*** MATERIAL PROVIDED ***
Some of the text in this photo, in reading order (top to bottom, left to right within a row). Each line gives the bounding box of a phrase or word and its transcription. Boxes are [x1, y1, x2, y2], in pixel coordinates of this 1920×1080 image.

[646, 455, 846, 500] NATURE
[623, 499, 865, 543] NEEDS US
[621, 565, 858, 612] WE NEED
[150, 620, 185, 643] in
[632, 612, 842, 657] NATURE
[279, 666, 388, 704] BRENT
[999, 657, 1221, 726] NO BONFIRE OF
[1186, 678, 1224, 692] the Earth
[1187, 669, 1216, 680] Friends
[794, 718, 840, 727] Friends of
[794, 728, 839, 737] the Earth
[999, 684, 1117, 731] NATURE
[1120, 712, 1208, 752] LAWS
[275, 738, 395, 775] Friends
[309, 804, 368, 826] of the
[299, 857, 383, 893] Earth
*** End of MATERIAL PROVIDED ***
YOUR ASSIGNMENT.
Word for word, reproduce every line of the data.

WRITTEN SOLUTION.
Some of the text in this photo, in reading order (top to bottom, left to right within a row). Each line gives the bounding box of a phrase or word and its transcription. Boxes are [x1, y1, x2, y2], in pixel coordinates of this 1920×1080 image.

[646, 455, 846, 500] NATURE
[623, 499, 865, 543] NEEDS US
[621, 565, 858, 612] WE NEED
[150, 620, 185, 643] in
[632, 612, 842, 657] NATURE
[279, 666, 388, 704] BRENT
[999, 657, 1221, 726] NO BONFIRE OF
[1186, 678, 1224, 692] the Earth
[1187, 669, 1216, 680] Friends
[794, 718, 840, 727] Friends of
[794, 728, 839, 737] the Earth
[999, 684, 1117, 731] NATURE
[1120, 712, 1208, 752] LAWS
[275, 738, 395, 775] Friends
[309, 804, 368, 826] of the
[299, 857, 383, 893] Earth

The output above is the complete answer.